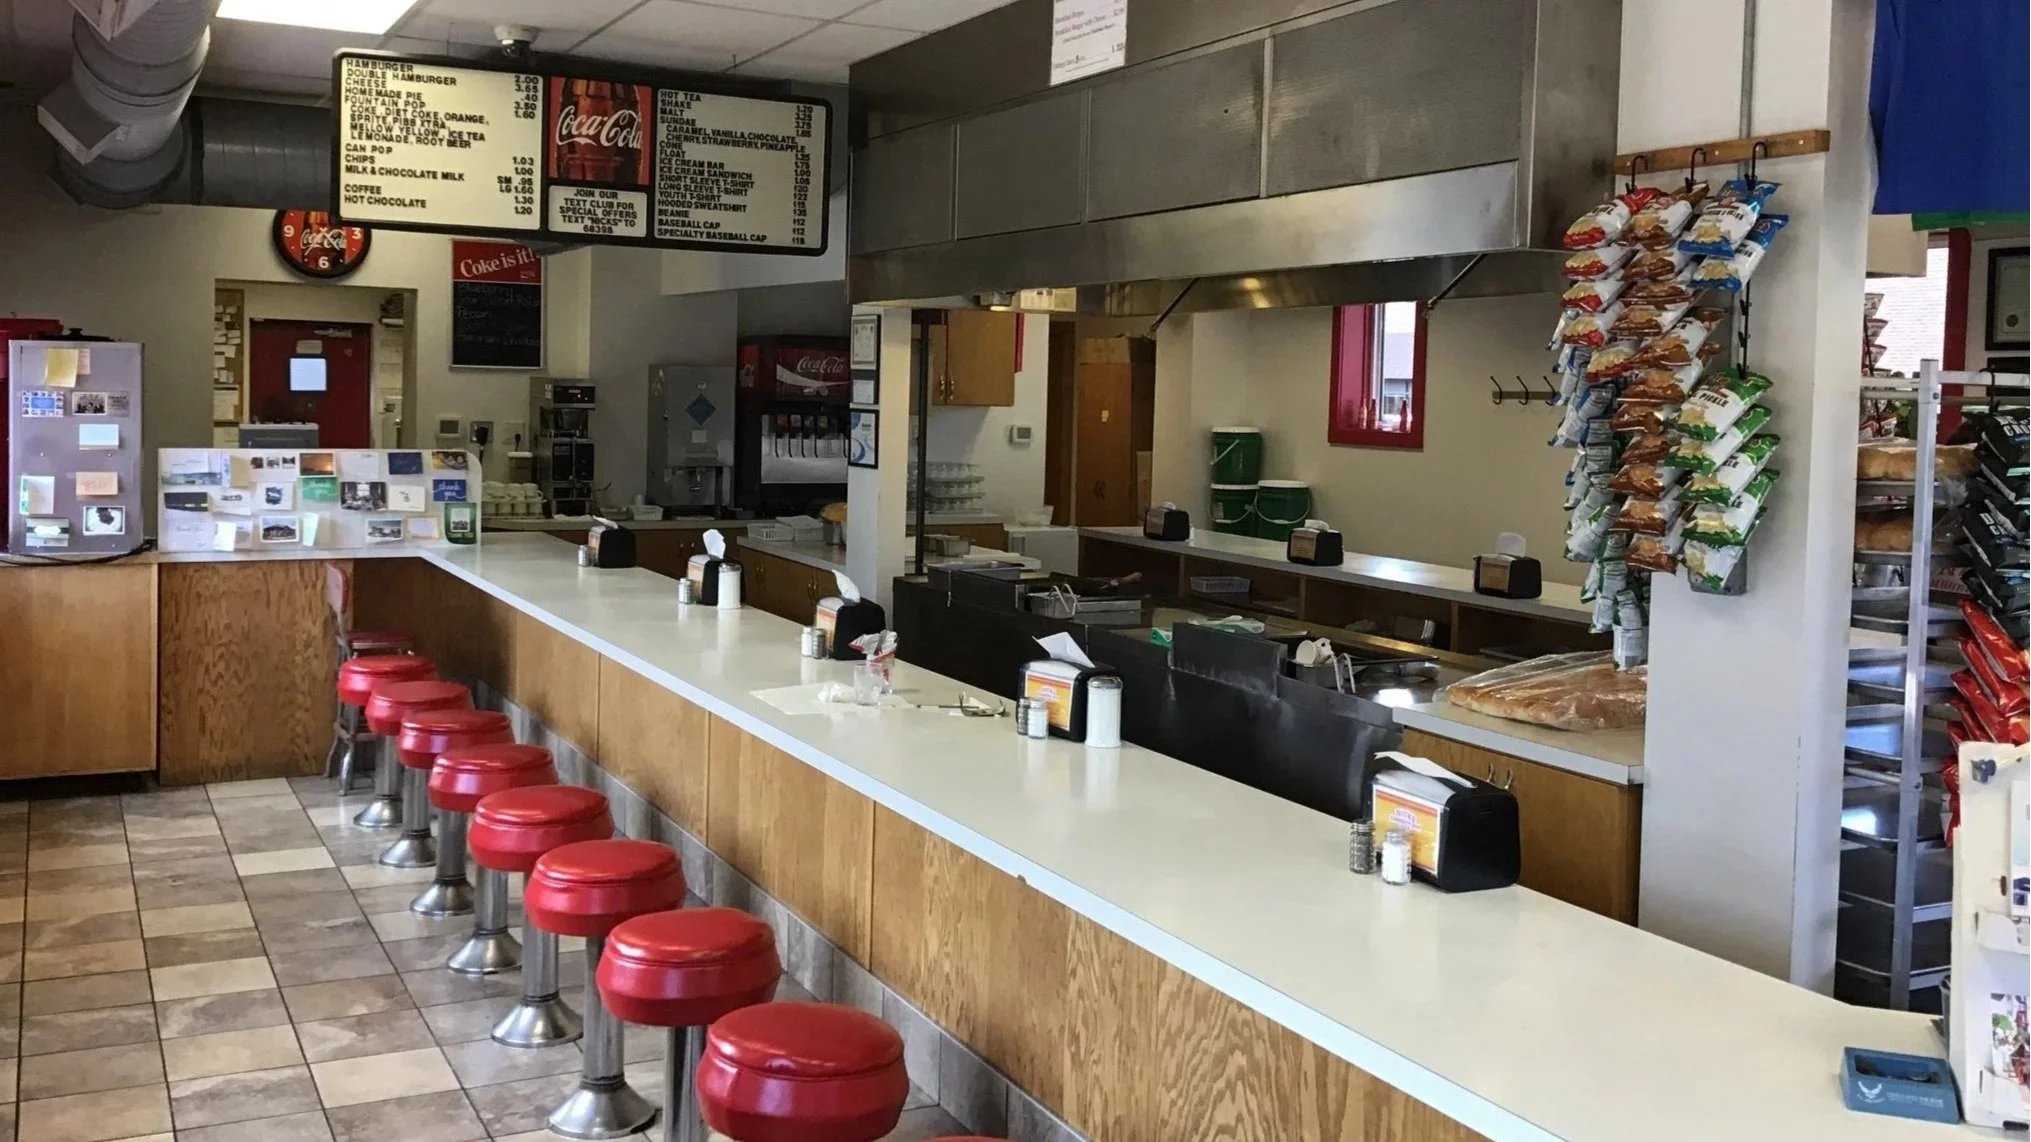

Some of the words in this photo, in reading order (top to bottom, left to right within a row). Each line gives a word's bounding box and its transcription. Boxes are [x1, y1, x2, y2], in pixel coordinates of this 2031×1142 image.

[347, 59, 414, 72] HAMBURGER
[515, 75, 539, 84] 2.00
[345, 77, 387, 88] CHEESE
[347, 68, 387, 79] DOUBLE
[392, 74, 456, 86] HAMBURGER
[515, 84, 538, 93] 3.65
[406, 92, 422, 100] PIE
[514, 101, 537, 110] 3.50
[660, 90, 679, 99] HOT
[684, 92, 701, 102] TEA
[345, 95, 398, 107] FOUNTAIN
[404, 101, 426, 109] POP
[515, 110, 535, 119] 1.60
[660, 99, 692, 109] SHAKE
[385, 108, 408, 116] DIET
[660, 107, 684, 116] MALT
[393, 117, 416, 126] PIBB
[556, 106, 642, 149] Coca-Cola
[660, 116, 696, 126] SUNDAE
[350, 123, 393, 133] MELLOW
[448, 129, 464, 140] ICE
[467, 131, 485, 141] TEA
[416, 135, 443, 146] ROOT
[447, 138, 471, 149] BEER
[659, 140, 683, 150] CONE
[760, 141, 805, 153] PINEAPPLE
[345, 143, 366, 153] CAN
[371, 145, 392, 154] POP
[512, 157, 534, 166] 1.03
[660, 149, 686, 158] FLOAT
[345, 154, 375, 164] CHIPS
[515, 167, 533, 176] 1.00
[660, 157, 673, 166] ICE
[674, 159, 705, 168] CREAM
[707, 161, 724, 170] BAR
[345, 165, 368, 174] MILK
[370, 166, 376, 175] &
[378, 167, 437, 179] CHOCOLATE
[441, 172, 465, 181] MILK
[497, 176, 512, 185] SM
[518, 178, 533, 186] .95
[659, 166, 673, 174] ICE
[674, 167, 704, 176] CREAM
[707, 169, 752, 180] SANDWICH
[659, 174, 687, 183] SHORT
[689, 176, 721, 186] SLEEVE
[722, 180, 755, 188] T-SHIRT
[345, 184, 382, 194] COFFEE
[514, 196, 533, 205] 1.30
[514, 186, 533, 195] 1.60
[574, 188, 595, 197] JOIN
[599, 191, 618, 199] OUR
[659, 182, 681, 190] LONG
[683, 184, 715, 193] SLEEVE
[717, 187, 748, 196] T-SHIRT
[659, 190, 687, 199] YOUTH
[689, 193, 722, 202] T-SHIRT
[345, 195, 364, 205] HOT
[367, 196, 426, 208] CHOCOLATE
[515, 206, 532, 215] 1.20
[564, 198, 587, 206] TEXT
[590, 200, 614, 209] CLUB
[616, 202, 634, 210] FOR
[658, 199, 693, 208] HOODED
[694, 202, 747, 212] SWEATSHIRT
[559, 206, 598, 216] SPECIAL
[602, 209, 638, 219] OFFERS
[658, 209, 690, 218] BEANIE
[561, 215, 585, 224] TEXT
[588, 216, 622, 226] "NICKS"
[624, 219, 636, 227] TO
[658, 219, 701, 228] BASEBALL
[703, 221, 721, 229] CAP
[284, 225, 294, 237] 9
[352, 228, 362, 239] 3
[658, 228, 704, 238] SPECIALTY
[706, 231, 748, 241] BASEBALL
[319, 256, 329, 268] 6
[460, 259, 500, 278] Coke
[500, 252, 516, 268] is
[797, 356, 844, 373] Coca-Cola
[1699, 392, 1728, 408] PICKLE

○ ○ ○

§ **Activity**
Give back the records word for word, without their pictures.

§ **Problem solution**
Some of the words in this photo, in reading order (top to bottom, left to right within a row). Each line gives a word's bounding box and its transcription. Boxes are [x1, y1, x2, y2], in pixel coordinates of this 2031×1142 image.

[347, 59, 414, 72] HAMBURGER
[515, 75, 539, 84] 2.00
[345, 77, 387, 88] CHEESE
[347, 68, 387, 79] DOUBLE
[392, 74, 456, 86] HAMBURGER
[515, 84, 538, 93] 3.65
[406, 92, 422, 100] PIE
[514, 101, 537, 110] 3.50
[660, 90, 679, 99] HOT
[684, 92, 701, 102] TEA
[345, 95, 398, 107] FOUNTAIN
[404, 101, 426, 109] POP
[515, 110, 535, 119] 1.60
[660, 99, 692, 109] SHAKE
[385, 108, 408, 116] DIET
[660, 107, 684, 116] MALT
[393, 117, 416, 126] PIBB
[556, 106, 642, 149] Coca-Cola
[660, 116, 696, 126] SUNDAE
[350, 123, 393, 133] MELLOW
[448, 129, 464, 140] ICE
[467, 131, 485, 141] TEA
[416, 135, 443, 146] ROOT
[447, 138, 471, 149] BEER
[659, 140, 683, 150] CONE
[760, 141, 805, 153] PINEAPPLE
[345, 143, 366, 153] CAN
[371, 145, 392, 154] POP
[512, 157, 534, 166] 1.03
[660, 149, 686, 158] FLOAT
[345, 154, 375, 164] CHIPS
[515, 167, 533, 176] 1.00
[660, 157, 673, 166] ICE
[674, 159, 705, 168] CREAM
[707, 161, 724, 170] BAR
[345, 165, 368, 174] MILK
[370, 166, 376, 175] &
[378, 167, 437, 179] CHOCOLATE
[441, 172, 465, 181] MILK
[497, 176, 512, 185] SM
[518, 178, 533, 186] .95
[659, 166, 673, 174] ICE
[674, 167, 704, 176] CREAM
[707, 169, 752, 180] SANDWICH
[659, 174, 687, 183] SHORT
[689, 176, 721, 186] SLEEVE
[722, 180, 755, 188] T-SHIRT
[345, 184, 382, 194] COFFEE
[514, 196, 533, 205] 1.30
[514, 186, 533, 195] 1.60
[574, 188, 595, 197] JOIN
[599, 191, 618, 199] OUR
[659, 182, 681, 190] LONG
[683, 184, 715, 193] SLEEVE
[717, 187, 748, 196] T-SHIRT
[659, 190, 687, 199] YOUTH
[689, 193, 722, 202] T-SHIRT
[345, 195, 364, 205] HOT
[367, 196, 426, 208] CHOCOLATE
[515, 206, 532, 215] 1.20
[564, 198, 587, 206] TEXT
[590, 200, 614, 209] CLUB
[616, 202, 634, 210] FOR
[658, 199, 693, 208] HOODED
[694, 202, 747, 212] SWEATSHIRT
[559, 206, 598, 216] SPECIAL
[602, 209, 638, 219] OFFERS
[658, 209, 690, 218] BEANIE
[561, 215, 585, 224] TEXT
[588, 216, 622, 226] "NICKS"
[624, 219, 636, 227] TO
[658, 219, 701, 228] BASEBALL
[703, 221, 721, 229] CAP
[284, 225, 294, 237] 9
[352, 228, 362, 239] 3
[658, 228, 704, 238] SPECIALTY
[706, 231, 748, 241] BASEBALL
[319, 256, 329, 268] 6
[460, 259, 500, 278] Coke
[500, 252, 516, 268] is
[797, 356, 844, 373] Coca-Cola
[1699, 392, 1728, 408] PICKLE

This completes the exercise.